By Mike Adeyemi
As the Ramadan season enters fourth week, operators of cool spots, restaurants and eateries within Ilorin metropolis of Kwara State, have continued to groan over decline in patronage and profit.
Checks by our reporter at the weekend revealed that some of the operators have suspended business activities due to low turnout of customers.
A beer parlour operator, Mr. Sunday Johnson of Ubong Cool Spot and Restaurant along Stadium road lamented that his business has witnessed a downturn since commencement of the fasting period.
He said, “My business has witnessed a sharp decline in sales by 45 per cent owing to the Ramadan period”, adding that it has affected his daily income.
“The sales was not what we had prior the holy month of Ramadan. The sales has dropped by 45 percent and since there is no other business, I had to cope with the situation, “Johnson added
Similarly, Mrs. Elizabeth Olumuyegun of Miliki Cool Spot decried the low patronage her business is witnessing presently, adding that she recorded about 80 per cent shortfall in sales since the commencement of Ramadan.

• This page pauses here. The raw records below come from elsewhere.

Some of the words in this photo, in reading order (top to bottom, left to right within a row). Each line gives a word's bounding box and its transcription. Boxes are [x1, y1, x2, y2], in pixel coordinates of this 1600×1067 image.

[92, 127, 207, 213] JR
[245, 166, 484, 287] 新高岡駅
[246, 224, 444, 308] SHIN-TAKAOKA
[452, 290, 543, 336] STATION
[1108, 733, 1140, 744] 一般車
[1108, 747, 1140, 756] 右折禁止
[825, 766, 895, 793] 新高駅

“Most of our customers are Muslims and they shunned consumption of liquor during fasting period. Before now, on the average I sell N20,000 to N35,000 worth of pepper soup alone.
Olumuyegun said what is keeping her in business is just about 10 per cent Christian customers who consume a very small fraction of her commodity.
“What is keeping us alive now in the business is the savings we had before the commencement of Ramadan. I used to sell over 50 crates of beer before Ramadan, but at present hardly do we sell 5 crates, “she said.
In her reaction, the Chairperson of Cool Spot Association, Zone 5, Mrs. Afusat Afolabi alluded to that fact that sales are low.
According to her “since the advent of COVID -19, cool spot businesses have collapsed in the state couple with the Ramadan period.
“Generally, the prices of beer has grossly increased and the amount of demand had wholly dropped. The major contributory factor to the dwindling sales aside from the usual economic downturn in Ilorin presently is Ramadan factor.
“Sales is not as it used to be; market is dull and some people have decided to close their shops pending the time Ramadan is over. Sales are not much unlike before where every thing is booming with customers jostling for few available products,” Afolabi stressed.
At Divine Cake Eatery, along old Jebba road, a top staff who spoke on condition of anonymity noted that since Ramadan began, the eatery has been recording low patronage.